Instructions for the task >> With nothing added or left out, output the listing that follows.
-------- Data supplied --------
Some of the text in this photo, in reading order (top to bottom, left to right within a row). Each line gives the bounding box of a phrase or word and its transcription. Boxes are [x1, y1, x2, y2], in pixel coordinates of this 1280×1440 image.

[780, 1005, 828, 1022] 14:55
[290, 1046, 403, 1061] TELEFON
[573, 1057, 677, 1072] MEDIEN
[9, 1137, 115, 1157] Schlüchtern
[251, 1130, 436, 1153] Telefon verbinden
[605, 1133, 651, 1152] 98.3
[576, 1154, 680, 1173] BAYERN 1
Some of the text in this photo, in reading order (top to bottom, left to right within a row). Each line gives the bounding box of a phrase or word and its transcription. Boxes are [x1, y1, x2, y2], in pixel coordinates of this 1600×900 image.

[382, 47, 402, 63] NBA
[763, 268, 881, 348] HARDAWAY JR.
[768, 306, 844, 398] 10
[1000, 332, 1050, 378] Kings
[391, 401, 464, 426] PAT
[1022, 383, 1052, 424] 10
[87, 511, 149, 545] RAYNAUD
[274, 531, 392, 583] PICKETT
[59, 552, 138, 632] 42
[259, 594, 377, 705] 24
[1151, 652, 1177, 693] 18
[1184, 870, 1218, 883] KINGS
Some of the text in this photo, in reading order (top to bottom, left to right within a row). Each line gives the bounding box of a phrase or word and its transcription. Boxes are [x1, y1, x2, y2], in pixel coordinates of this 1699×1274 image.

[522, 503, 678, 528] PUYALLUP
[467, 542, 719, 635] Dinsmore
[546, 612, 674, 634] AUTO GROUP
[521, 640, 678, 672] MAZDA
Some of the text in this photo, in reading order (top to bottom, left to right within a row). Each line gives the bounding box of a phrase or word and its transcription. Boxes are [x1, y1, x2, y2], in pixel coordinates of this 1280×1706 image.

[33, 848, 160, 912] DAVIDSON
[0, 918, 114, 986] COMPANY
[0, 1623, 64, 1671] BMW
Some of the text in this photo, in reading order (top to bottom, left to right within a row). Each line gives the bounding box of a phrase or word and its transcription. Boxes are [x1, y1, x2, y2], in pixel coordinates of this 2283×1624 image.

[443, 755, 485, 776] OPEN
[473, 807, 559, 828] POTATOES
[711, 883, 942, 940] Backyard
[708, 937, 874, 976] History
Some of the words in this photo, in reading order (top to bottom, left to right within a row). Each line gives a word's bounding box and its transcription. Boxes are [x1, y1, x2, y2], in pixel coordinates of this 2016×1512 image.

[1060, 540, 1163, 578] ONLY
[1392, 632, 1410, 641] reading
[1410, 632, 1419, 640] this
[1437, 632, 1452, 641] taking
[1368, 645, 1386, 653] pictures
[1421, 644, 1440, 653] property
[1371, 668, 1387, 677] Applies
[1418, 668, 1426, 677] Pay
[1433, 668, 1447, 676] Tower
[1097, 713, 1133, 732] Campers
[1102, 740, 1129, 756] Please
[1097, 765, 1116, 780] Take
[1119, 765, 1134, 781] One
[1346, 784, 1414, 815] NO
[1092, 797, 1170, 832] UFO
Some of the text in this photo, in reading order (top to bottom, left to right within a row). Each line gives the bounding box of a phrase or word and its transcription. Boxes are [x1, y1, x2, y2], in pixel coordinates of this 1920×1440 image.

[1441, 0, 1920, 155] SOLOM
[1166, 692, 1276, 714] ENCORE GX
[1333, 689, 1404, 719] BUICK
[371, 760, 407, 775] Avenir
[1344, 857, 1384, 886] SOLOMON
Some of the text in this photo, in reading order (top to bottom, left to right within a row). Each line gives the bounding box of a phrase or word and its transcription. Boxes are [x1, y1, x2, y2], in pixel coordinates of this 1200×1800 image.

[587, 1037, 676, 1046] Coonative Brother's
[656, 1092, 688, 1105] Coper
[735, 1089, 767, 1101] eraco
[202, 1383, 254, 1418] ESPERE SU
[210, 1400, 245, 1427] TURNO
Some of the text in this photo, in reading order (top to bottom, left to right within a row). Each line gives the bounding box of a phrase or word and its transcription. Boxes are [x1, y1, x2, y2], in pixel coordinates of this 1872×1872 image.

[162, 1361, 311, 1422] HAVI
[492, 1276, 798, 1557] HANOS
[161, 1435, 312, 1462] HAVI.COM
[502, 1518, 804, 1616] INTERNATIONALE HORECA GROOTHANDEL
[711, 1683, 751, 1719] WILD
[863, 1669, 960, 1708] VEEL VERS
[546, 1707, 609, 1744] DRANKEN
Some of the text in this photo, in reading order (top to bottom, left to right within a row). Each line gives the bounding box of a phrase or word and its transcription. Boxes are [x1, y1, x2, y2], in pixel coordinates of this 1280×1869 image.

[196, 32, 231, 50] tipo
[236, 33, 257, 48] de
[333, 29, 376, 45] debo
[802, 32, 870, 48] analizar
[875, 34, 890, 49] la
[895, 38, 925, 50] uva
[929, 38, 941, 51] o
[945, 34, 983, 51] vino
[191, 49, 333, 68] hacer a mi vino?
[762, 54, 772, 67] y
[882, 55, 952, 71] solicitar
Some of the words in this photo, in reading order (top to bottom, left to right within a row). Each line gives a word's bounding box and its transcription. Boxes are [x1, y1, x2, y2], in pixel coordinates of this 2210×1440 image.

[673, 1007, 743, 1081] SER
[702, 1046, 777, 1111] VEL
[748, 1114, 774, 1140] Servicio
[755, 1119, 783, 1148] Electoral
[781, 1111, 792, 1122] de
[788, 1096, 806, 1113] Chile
--------
Reply to the exercise >>
Some of the text in this photo, in reading order (top to bottom, left to right within a row). Each line gives the bounding box of a phrase or word and its transcription. Boxes are [x1, y1, x2, y2], in pixel coordinates of this 1280×1440 image.

[780, 1005, 828, 1022] 14:55
[290, 1046, 403, 1061] TELEFON
[573, 1057, 677, 1072] MEDIEN
[9, 1137, 115, 1157] Schlüchtern
[251, 1130, 436, 1153] Telefon verbinden
[605, 1133, 651, 1152] 98.3
[576, 1154, 680, 1173] BAYERN 1
Some of the text in this photo, in reading order (top to bottom, left to right within a row). Each line gives the bounding box of a phrase or word and its transcription. Boxes are [x1, y1, x2, y2], in pixel coordinates of this 1600×900 image.

[382, 47, 402, 63] NBA
[763, 268, 881, 348] HARDAWAY JR.
[768, 306, 844, 398] 10
[1000, 332, 1050, 378] Kings
[391, 401, 464, 426] PAT
[1022, 383, 1052, 424] 10
[87, 511, 149, 545] RAYNAUD
[274, 531, 392, 583] PICKETT
[59, 552, 138, 632] 42
[259, 594, 377, 705] 24
[1151, 652, 1177, 693] 18
[1184, 870, 1218, 883] KINGS
Some of the text in this photo, in reading order (top to bottom, left to right within a row). Each line gives the bounding box of a phrase or word and its transcription. Boxes are [x1, y1, x2, y2], in pixel coordinates of this 1699×1274 image.

[522, 503, 678, 528] PUYALLUP
[467, 542, 719, 635] Dinsmore
[546, 612, 674, 634] AUTO GROUP
[521, 640, 678, 672] MAZDA
Some of the text in this photo, in reading order (top to bottom, left to right within a row). Each line gives the bounding box of a phrase or word and its transcription. Boxes are [x1, y1, x2, y2], in pixel coordinates of this 1280×1706 image.

[33, 848, 160, 912] DAVIDSON
[0, 918, 114, 986] COMPANY
[0, 1623, 64, 1671] BMW
Some of the text in this photo, in reading order (top to bottom, left to right within a row). Each line gives the bounding box of a phrase or word and its transcription. Boxes are [x1, y1, x2, y2], in pixel coordinates of this 2283×1624 image.

[443, 755, 485, 776] OPEN
[473, 807, 559, 828] POTATOES
[711, 883, 942, 940] Backyard
[708, 937, 874, 976] History
Some of the words in this photo, in reading order (top to bottom, left to right within a row). Each line gives a word's bounding box and its transcription. Boxes are [x1, y1, x2, y2], in pixel coordinates of this 2016×1512 image.

[1060, 540, 1163, 578] ONLY
[1392, 632, 1410, 641] reading
[1410, 632, 1419, 640] this
[1437, 632, 1452, 641] taking
[1368, 645, 1386, 653] pictures
[1421, 644, 1440, 653] property
[1371, 668, 1387, 677] Applies
[1418, 668, 1426, 677] Pay
[1433, 668, 1447, 676] Tower
[1097, 713, 1133, 732] Campers
[1102, 740, 1129, 756] Please
[1097, 765, 1116, 780] Take
[1119, 765, 1134, 781] One
[1346, 784, 1414, 815] NO
[1092, 797, 1170, 832] UFO
Some of the text in this photo, in reading order (top to bottom, left to right within a row). Each line gives the bounding box of a phrase or word and its transcription. Boxes are [x1, y1, x2, y2], in pixel coordinates of this 1920×1440 image.

[1441, 0, 1920, 155] SOLOM
[1166, 692, 1276, 714] ENCORE GX
[1333, 689, 1404, 719] BUICK
[371, 760, 407, 775] Avenir
[1344, 857, 1384, 886] SOLOMON
Some of the text in this photo, in reading order (top to bottom, left to right within a row). Each line gives the bounding box of a phrase or word and its transcription. Boxes are [x1, y1, x2, y2], in pixel coordinates of this 1200×1800 image.

[587, 1037, 676, 1046] Coonative Brother's
[656, 1092, 688, 1105] Coper
[735, 1089, 767, 1101] eraco
[202, 1383, 254, 1418] ESPERE SU
[210, 1400, 245, 1427] TURNO
Some of the text in this photo, in reading order (top to bottom, left to right within a row). Each line gives the bounding box of a phrase or word and its transcription. Boxes are [x1, y1, x2, y2], in pixel coordinates of this 1872×1872 image.

[162, 1361, 311, 1422] HAVI
[492, 1276, 798, 1557] HANOS
[161, 1435, 312, 1462] HAVI.COM
[502, 1518, 804, 1616] INTERNATIONALE HORECA GROOTHANDEL
[711, 1683, 751, 1719] WILD
[863, 1669, 960, 1708] VEEL VERS
[546, 1707, 609, 1744] DRANKEN
Some of the text in this photo, in reading order (top to bottom, left to right within a row). Each line gives the bounding box of a phrase or word and its transcription. Boxes are [x1, y1, x2, y2], in pixel coordinates of this 1280×1869 image.

[196, 32, 231, 50] tipo
[236, 33, 257, 48] de
[333, 29, 376, 45] debo
[802, 32, 870, 48] analizar
[875, 34, 890, 49] la
[895, 38, 925, 50] uva
[929, 38, 941, 51] o
[945, 34, 983, 51] vino
[191, 49, 333, 68] hacer a mi vino?
[762, 54, 772, 67] y
[882, 55, 952, 71] solicitar
Some of the words in this photo, in reading order (top to bottom, left to right within a row). Each line gives a word's bounding box and its transcription. Boxes are [x1, y1, x2, y2], in pixel coordinates of this 2210×1440 image.

[673, 1007, 743, 1081] SER
[702, 1046, 777, 1111] VEL
[748, 1114, 774, 1140] Servicio
[755, 1119, 783, 1148] Electoral
[781, 1111, 792, 1122] de
[788, 1096, 806, 1113] Chile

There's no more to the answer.